**Required action**
Would you please restate all of the entries exactly, apart from the pictures?

**Dataset records**
^^^^

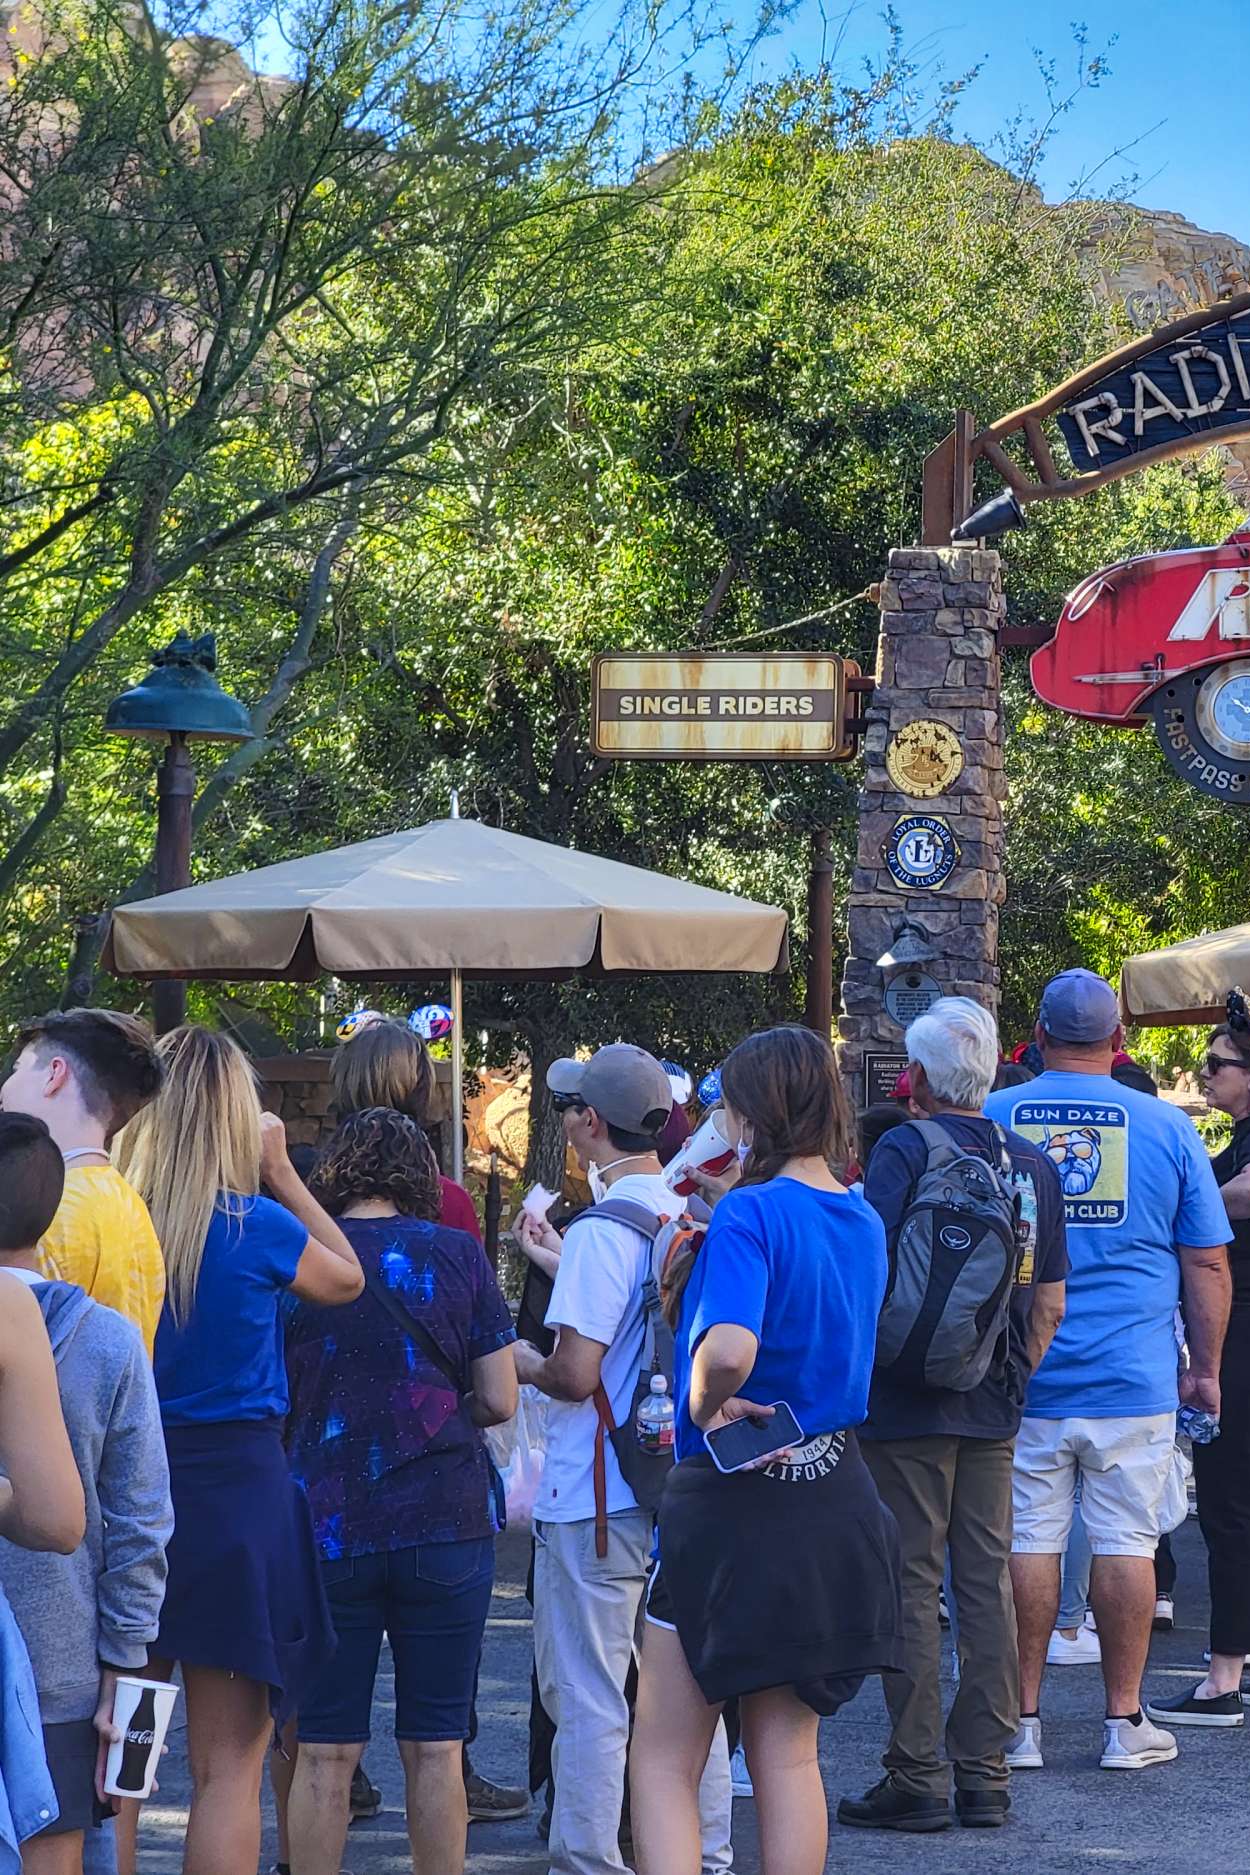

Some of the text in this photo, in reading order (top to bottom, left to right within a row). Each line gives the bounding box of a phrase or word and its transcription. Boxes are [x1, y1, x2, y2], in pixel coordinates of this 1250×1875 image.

[619, 696, 814, 715] SINGLE RIDERS
[1164, 707, 1247, 792] FASTPASS
[892, 819, 951, 844] LOYAL ORDER
[894, 865, 912, 884] THE
[916, 854, 953, 885] LUGNUTS
[1020, 1109, 1119, 1122] SUN DAZE
[1078, 1205, 1119, 1218] CLUB
[762, 1430, 847, 1482] LIFORNIA
[802, 1438, 828, 1461] 1944

^^^^

**Solution to this problem**
Some of the text in this photo, in reading order (top to bottom, left to right within a row). Each line gives the bounding box of a phrase or word and its transcription. Boxes are [x1, y1, x2, y2], in pixel coordinates of this 1250×1875 image.

[619, 696, 814, 715] SINGLE RIDERS
[1164, 707, 1247, 792] FASTPASS
[892, 819, 951, 844] LOYAL ORDER
[894, 865, 912, 884] THE
[916, 854, 953, 885] LUGNUTS
[1020, 1109, 1119, 1122] SUN DAZE
[1078, 1205, 1119, 1218] CLUB
[762, 1430, 847, 1482] LIFORNIA
[802, 1438, 828, 1461] 1944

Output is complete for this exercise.